When a high-profile sex-and-spy scandal touched the FBI's Los Angeles China Squad, a prized investigator became collateral damage.
By H.G. Reza, Los Angeles Times Staff Writer
September 14, 2007
The two male agents pictured with Rita Chiang in the FBI poster were smiling, but her stare left no doubt that she was all business. Chiang was a recruiting magnet for the FBI, but it was her skill as an investigator that got her noticed.
The photo appeared in magazines and on billboards throughout the country in the 1990s, the picture cropped so tightly that only a sliver of her face could be seen. Anonymity was an asset in her job, where she matched wits with agents from the People's Republic of China in the furtive world of counterintelligence.

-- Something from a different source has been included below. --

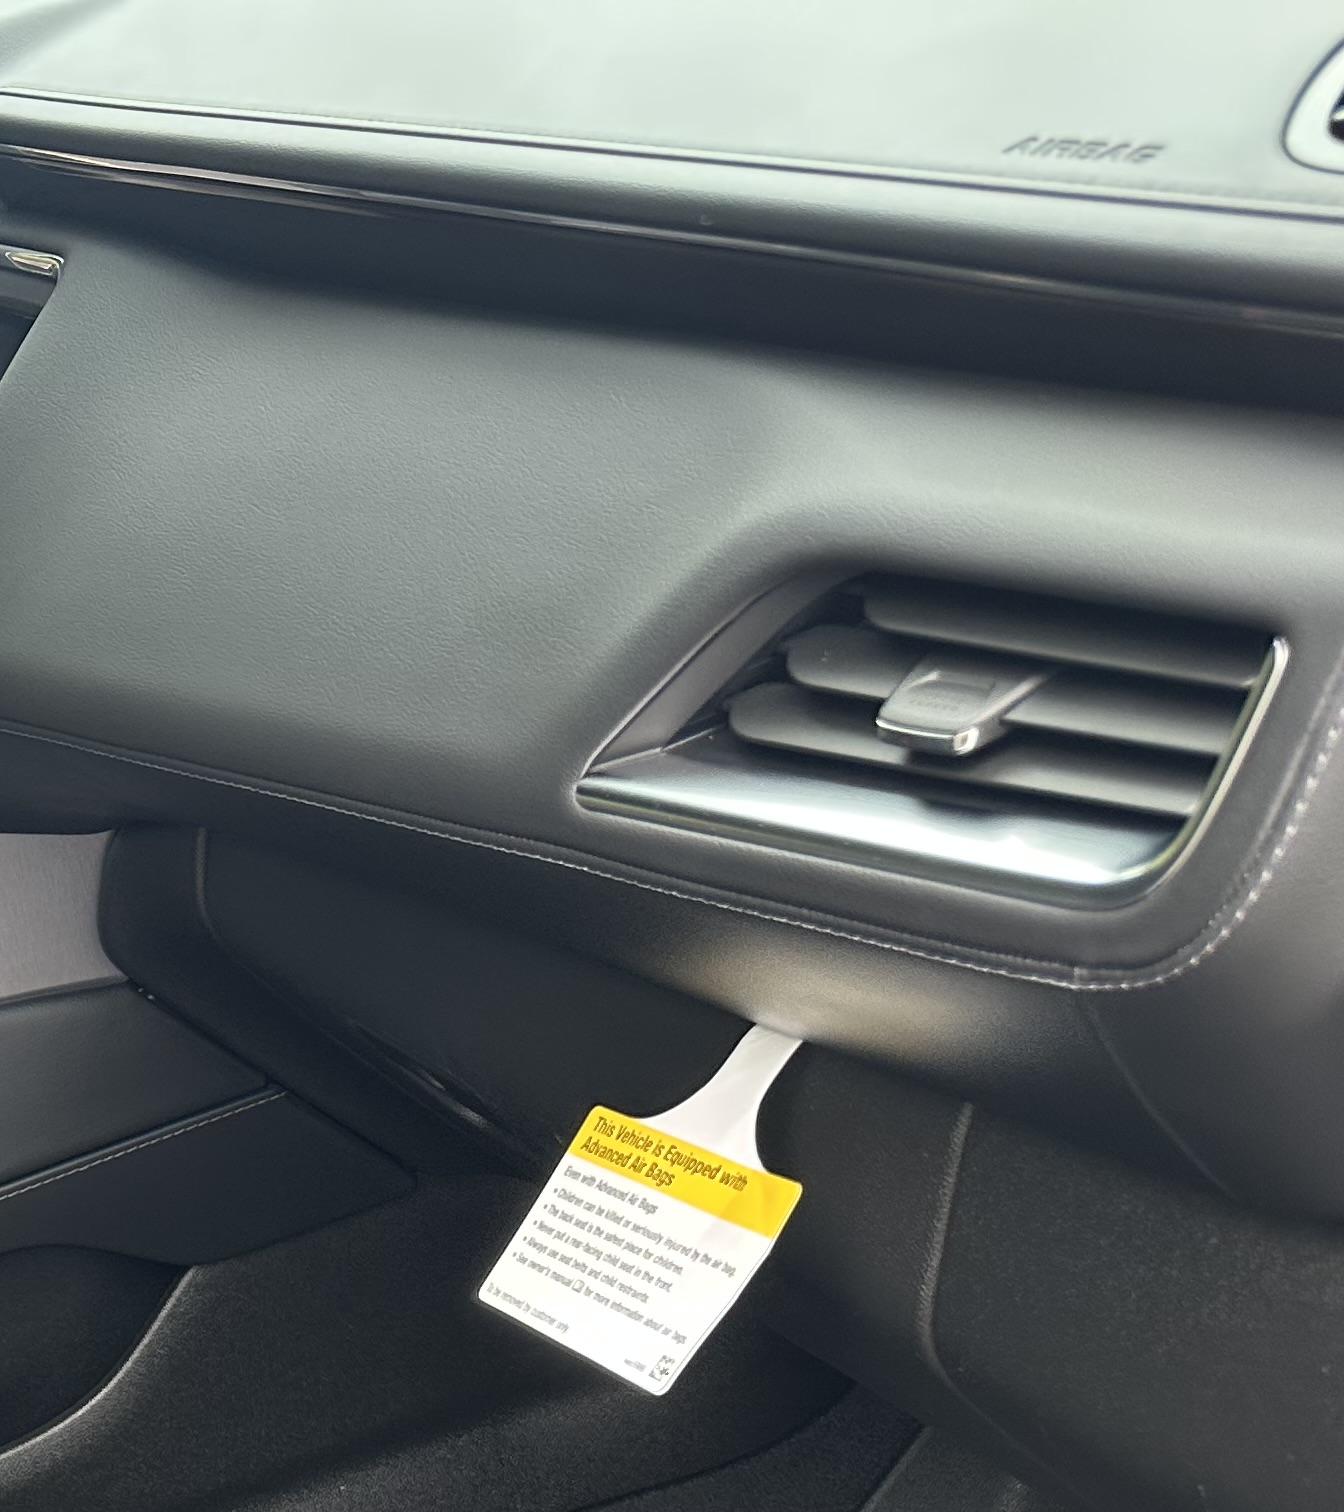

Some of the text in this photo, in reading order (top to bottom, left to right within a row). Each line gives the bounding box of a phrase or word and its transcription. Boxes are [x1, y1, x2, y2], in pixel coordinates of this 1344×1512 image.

[1002, 132, 1166, 164] AIRBAG
[580, 1135, 675, 1187] Advanced Air Bags
[593, 1115, 747, 1191] This Vehicle is Equipped with

But on Jan. 14, 2002, Chiang was stripped of her badge and gun and escorted out of the West Los Angeles office. FBI Director Robert S. Mueller III suspected that she was a mole for Chinese intelligence and ordered her suspended with pay while she was investigated.
Chiang was later cleared when her boss was identified as the security leak, but she contends that by then her reputation was ruined and her career derailed. She filed a discrimination suit against the agency, but it was tossed out of court. The case is on appeal, but her lawyer concedes it has been all but impossible to overcome the FBI's position that her case -- if it went to trial -- could jeopardize national security.